Notice under the extra section, we have this symfony require config.
| { | |
| // ... lines 2 - 90 | |
| "extra": { | |
| "symfony": { | |
| // ... line 93 | |
| "require": "7.4.*" | |
| } | |
| }, | |
| // ... lines 97 - 103 | |
| } |
This tells Symfony Flex which version of Symfony to use when installing Symfony components. Some of our required Symfony components require other Symfony components as dependencies. These are called transitive dependencies (fancy word!), and can allow a wide range of Symfony versions. Like Symfony 6, 7, or 8. This config ensures that only the 7.4 versions are installed. So when upgrading Symfony, it's important to also update this config.
Great! Now that we've updated our composer.json, let's run our composer update:
symfony composer update
Verifying the Upgrade
Perfect, it looks like it worked! Let's hop over to our app and refresh. Yep, we're now on 7.4.8, the latest 7.4 version.
Back in our terminal, run:
git status
Our composer.json and composer.lock files are modified, this is expected. But we also have this new config/reference.php.
Open that up in your editor. This is an auto-generated file Symfony creates when building the container. Symfony now has a PHP array-based config format - an alternative to YAML. This file is generated to provide better auto-completion when using that format. YAML is still the recommended format, and what we're using in this app, so this file isn't important for us right now. If Symfony changes it's recommendation in the future, we'll be ready! Check out this blog post to learn more about it.

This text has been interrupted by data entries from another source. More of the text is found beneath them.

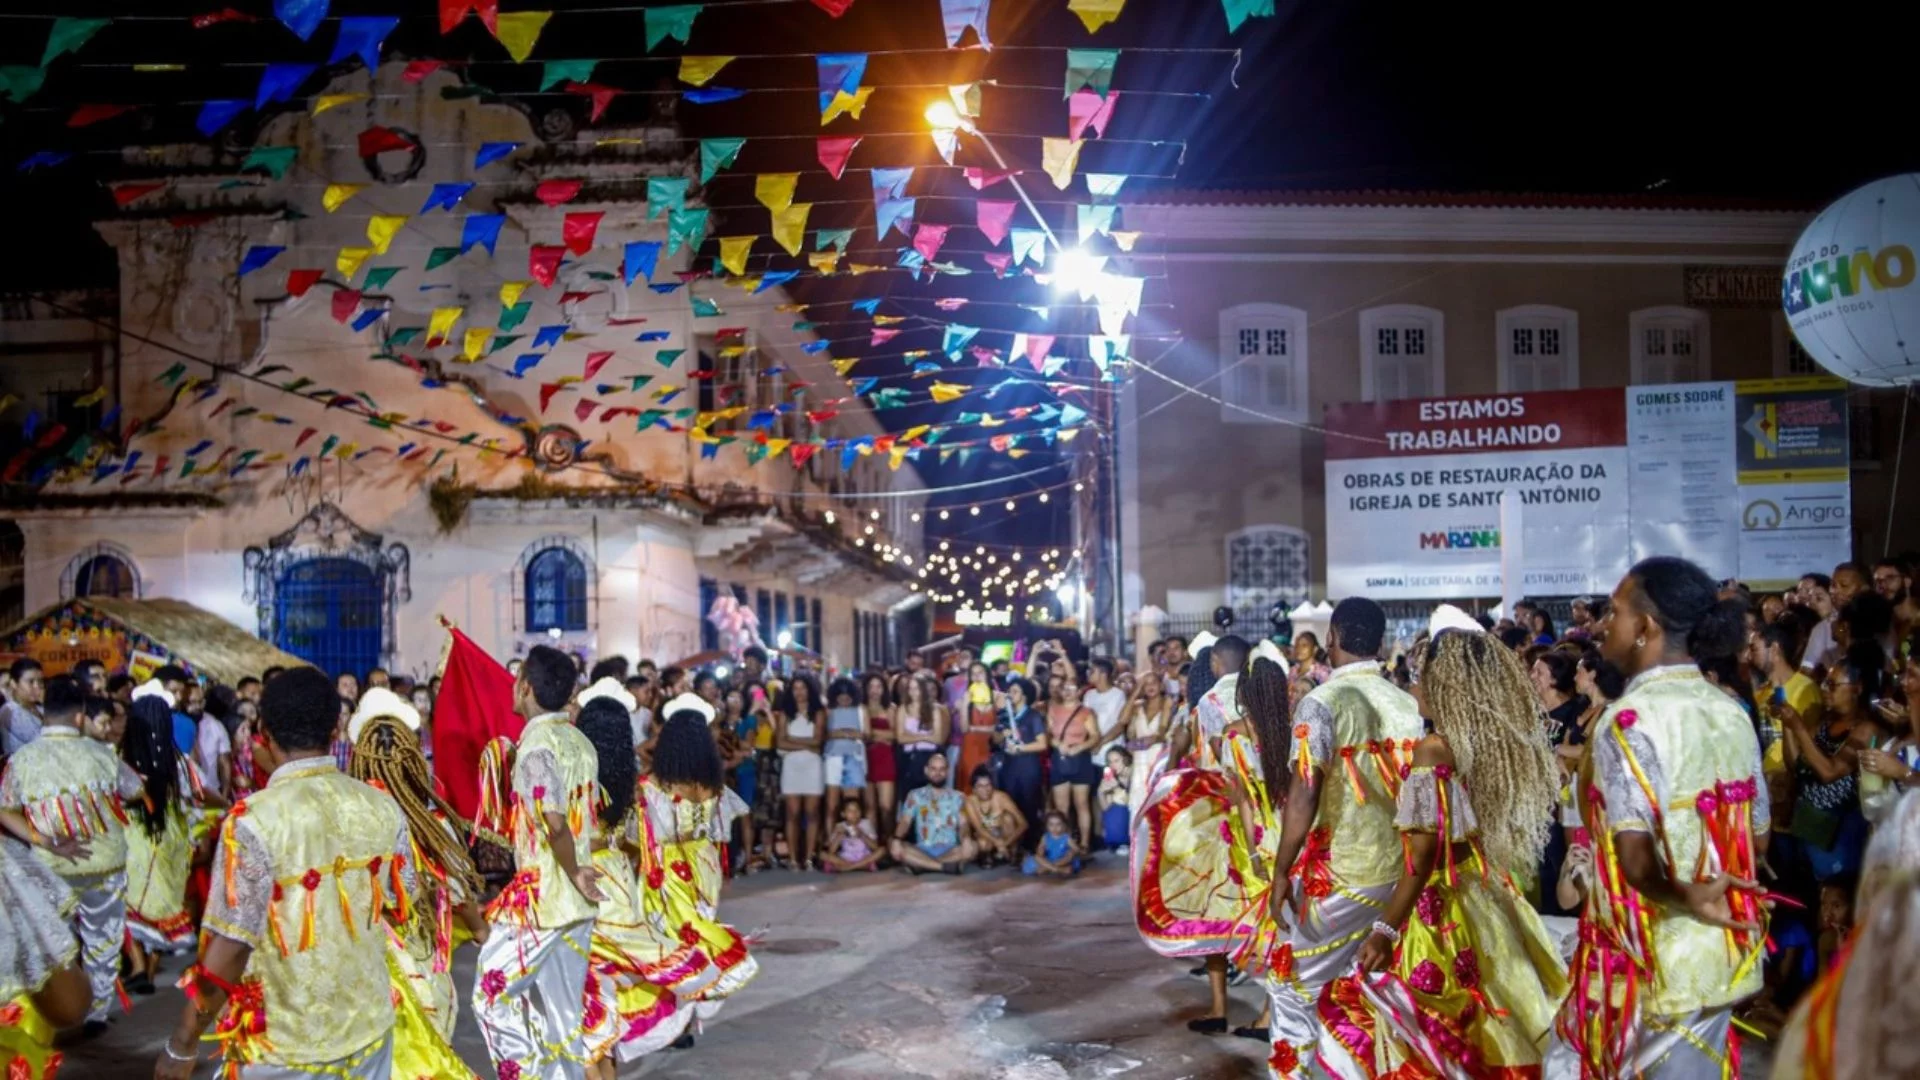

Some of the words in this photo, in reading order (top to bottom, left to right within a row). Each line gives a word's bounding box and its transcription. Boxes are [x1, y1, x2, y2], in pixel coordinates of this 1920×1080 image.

[1820, 244, 1839, 258] DO
[1837, 302, 1874, 314] TODOS
[1636, 392, 1681, 406] GOMES
[1684, 387, 1725, 403] SODRÉ
[1419, 397, 1524, 421] ESTAMOS
[1386, 424, 1561, 450] TRABALHANDO
[1343, 472, 1405, 489] OBRAS
[1411, 470, 1434, 486] DE
[1440, 461, 1574, 485] RESTAURAÇÃO
[1580, 463, 1606, 479] DA
[1350, 494, 1412, 512] IGREJA
[1418, 493, 1441, 508] DE
[1785, 504, 1845, 522] Angra
[1420, 531, 1501, 549] MARANH
[1366, 577, 1403, 588] SINFRA
[1409, 575, 1472, 587] SECRETARIA
[1475, 575, 1488, 585] DE
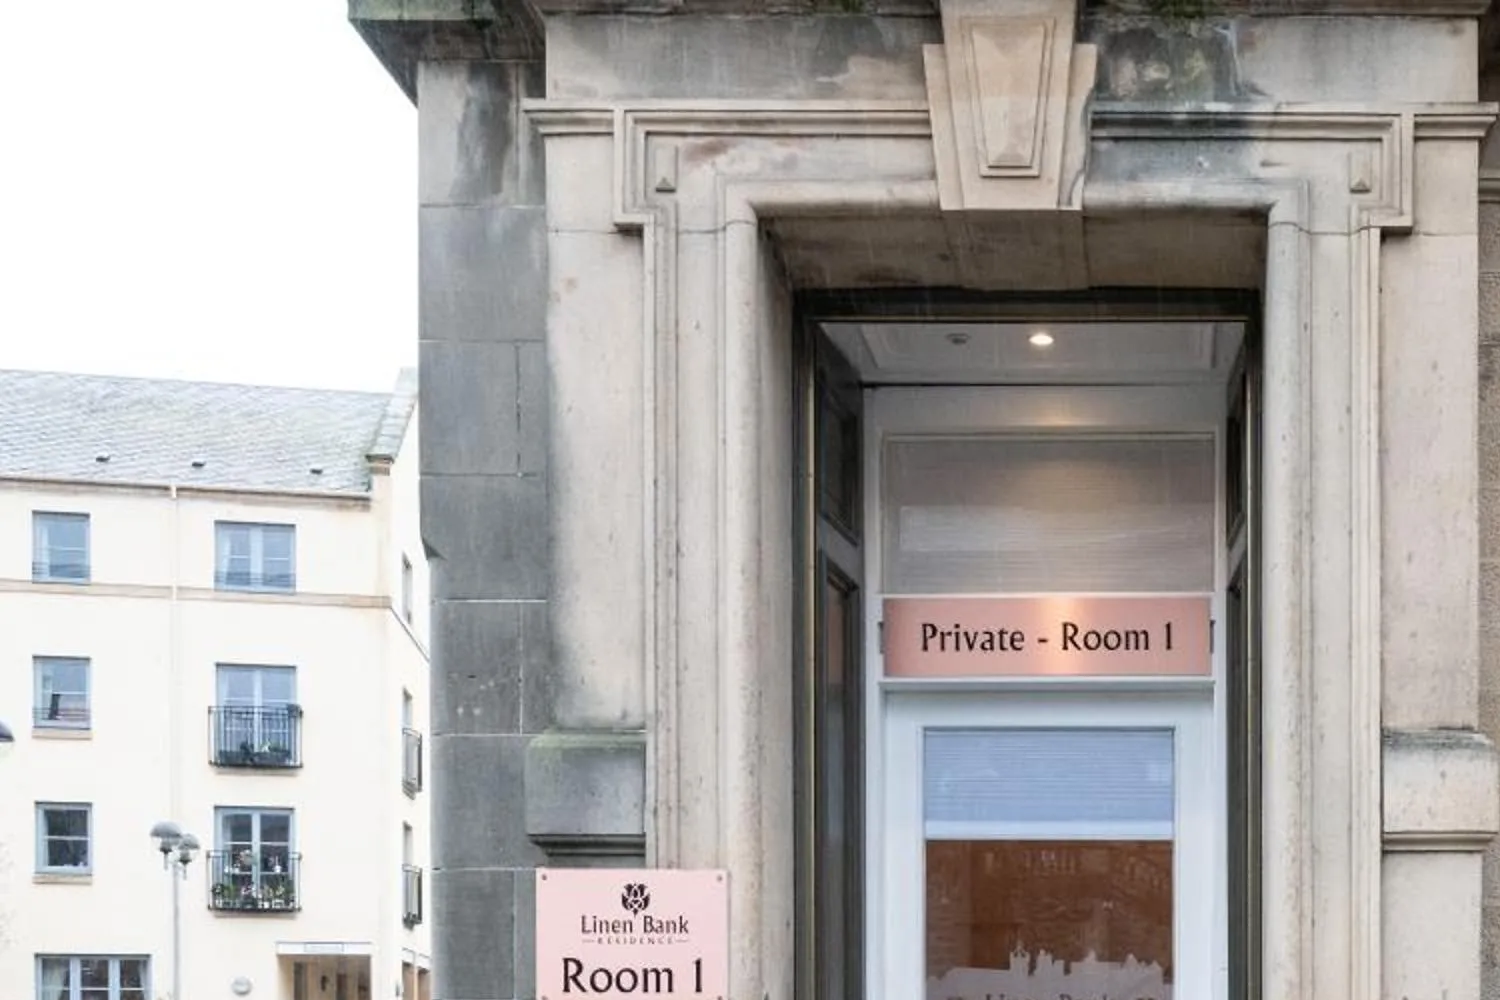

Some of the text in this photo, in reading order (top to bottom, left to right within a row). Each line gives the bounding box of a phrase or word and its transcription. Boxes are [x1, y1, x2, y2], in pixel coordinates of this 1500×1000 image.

[920, 623, 1025, 652] Private
[1060, 622, 1150, 651] Room
[1165, 621, 1173, 650] 1
[580, 915, 689, 934] Linen Bank
[597, 937, 673, 945] RESIDENCE
[562, 957, 702, 993] Room 1

You can either add this file to your .gitignore or commit it. The best practice right now is to commit it, so let's do that. In your terminal, run:
git add config/reference.php
After running git status to confirm we're good, we can commit with:
git commit -a -m "update composer"
(Yeah, we should really use a better commit message here)
Updating Recipes
Let's see if there are any recipe updates for 7.4! Run:
symfony composer recipe:update
Just two, start with the framework-bundle. Run git status to see the changes. .env and config/services.yaml have been modified.

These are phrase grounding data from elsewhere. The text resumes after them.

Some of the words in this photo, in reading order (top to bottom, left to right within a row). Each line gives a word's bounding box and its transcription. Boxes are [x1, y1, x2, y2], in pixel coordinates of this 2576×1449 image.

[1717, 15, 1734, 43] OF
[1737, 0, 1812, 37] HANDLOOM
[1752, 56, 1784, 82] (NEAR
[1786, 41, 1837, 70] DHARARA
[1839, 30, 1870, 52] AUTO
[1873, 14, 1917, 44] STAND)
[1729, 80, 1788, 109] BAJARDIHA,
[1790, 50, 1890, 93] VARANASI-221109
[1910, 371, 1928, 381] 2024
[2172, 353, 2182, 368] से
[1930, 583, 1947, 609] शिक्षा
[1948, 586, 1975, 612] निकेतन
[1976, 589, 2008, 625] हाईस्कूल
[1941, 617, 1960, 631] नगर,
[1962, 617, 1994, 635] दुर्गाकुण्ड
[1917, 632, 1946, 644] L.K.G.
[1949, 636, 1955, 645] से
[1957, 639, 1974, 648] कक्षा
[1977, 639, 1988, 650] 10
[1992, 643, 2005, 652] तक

Open .env first. A new environment variable was added: APP_SHARE_DIR. When running Symfony in a multiserver architecture, this is a directory that should be shared between the servers. Previously, you had to share the entire cache directory, which isn't idea. This new config allows you to have more fined-grained control over what is shared between servers. If you're interested in learning more about this, check out this blog post.
Open our second modified file, config/services.yaml. Just the comments at the top were modified. But it does provide a cool new feature! See this yaml-language-server $schema stuff? This configures a JSON schema for this file. Wait, JSON? This is YAML. Since YAML is JSON-compatible, we can use JSON schemas to validate our YAML files. This is cool, but the better part, is that it gives us auto-completion in our IDEs if supported. And PhpStorm does support this! Here's a blog post if you want to learn more about it!

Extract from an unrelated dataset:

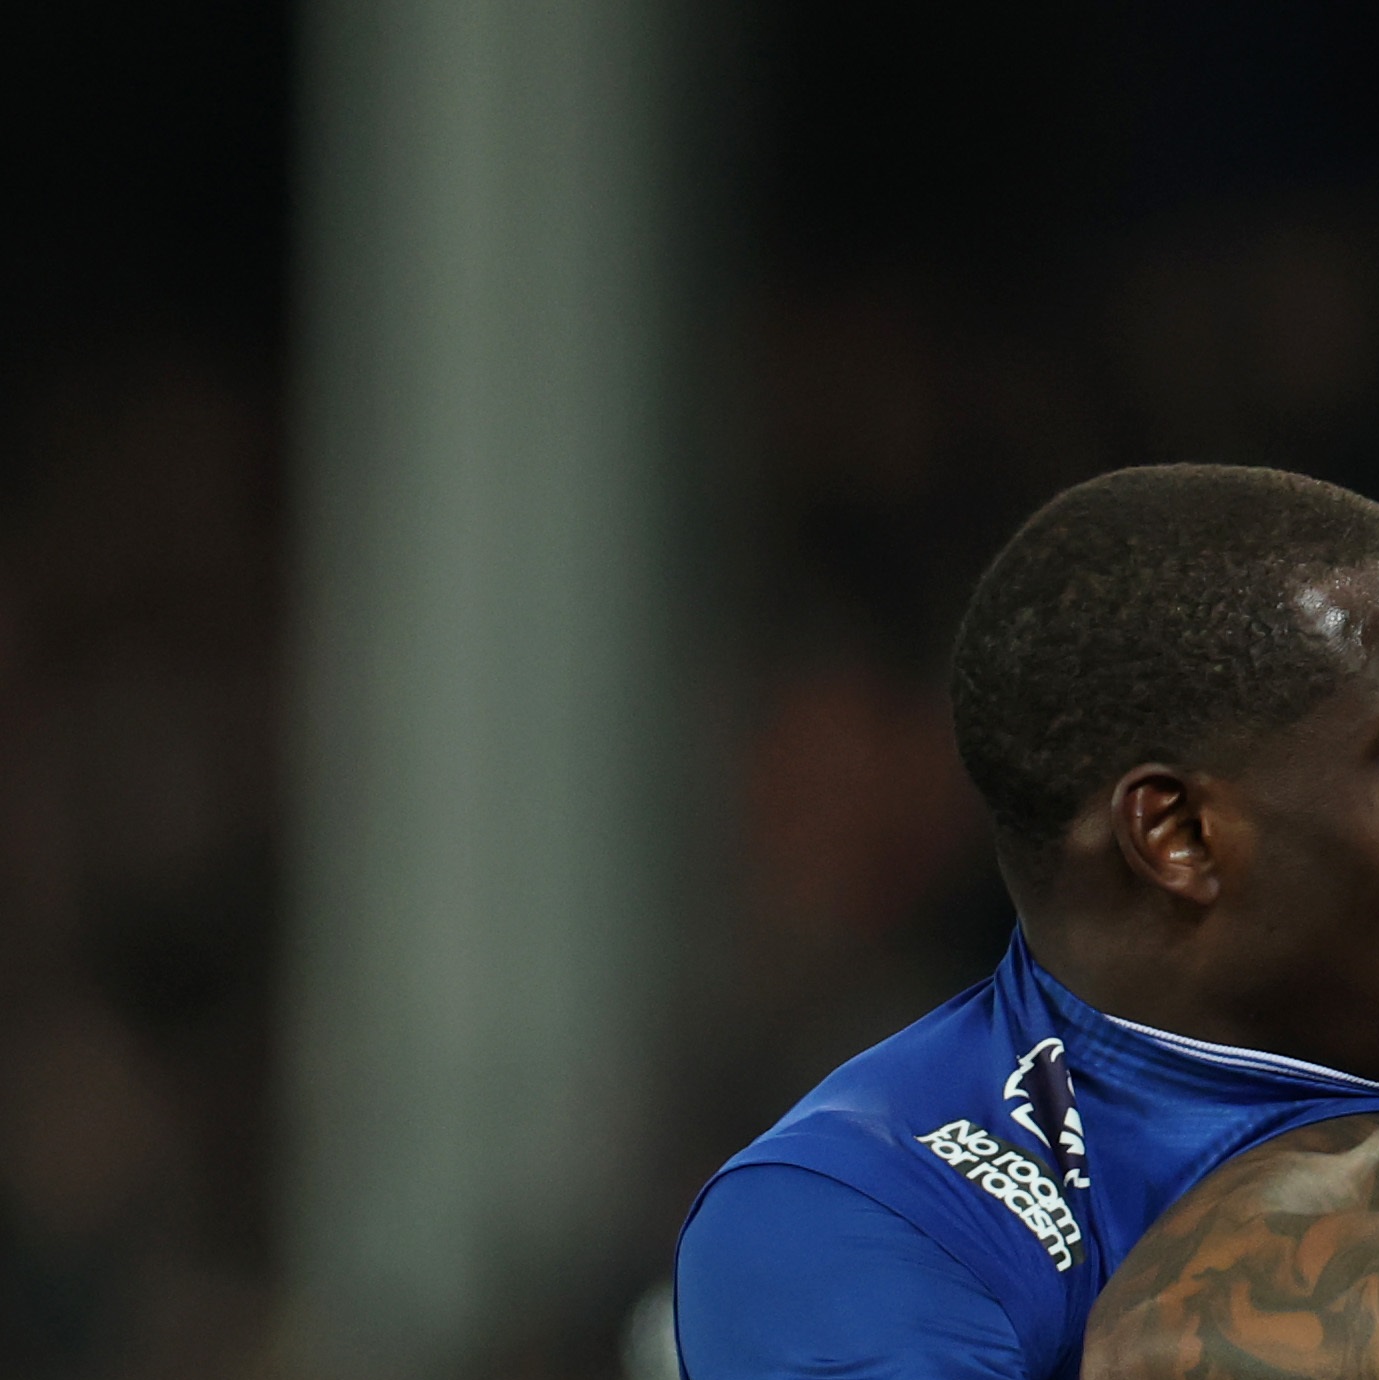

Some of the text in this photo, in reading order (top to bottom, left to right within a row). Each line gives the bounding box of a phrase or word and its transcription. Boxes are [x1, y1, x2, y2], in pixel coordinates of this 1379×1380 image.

Ok, let's commit these changes at our terminal with:
git commit -a -m "update recipes"
Run the recipe update command again, and update the routing package. Run git status to see the changes. config/routes.yaml: open that up. At the top, a YAML JSON schema config was added.
Down below, check out the new simplified config. With the previous config, only controllers in src/Controller would be loaded. With this new config, any class with #[Route] attributes in it will be loaded as controllers. It's still the best practice to put all your controllers in src/Controller. But if you have a more complex app with multiple domains and their own controllers, these would be loaded no matter where they're located.
Let's commit these changes with:
git commit -a --amend
Testing the Upgrade
Perfect! Pop over to our app and refresh the homepage to make sure everything's still running smoothly. Nice, 7.4 upgrade was a success!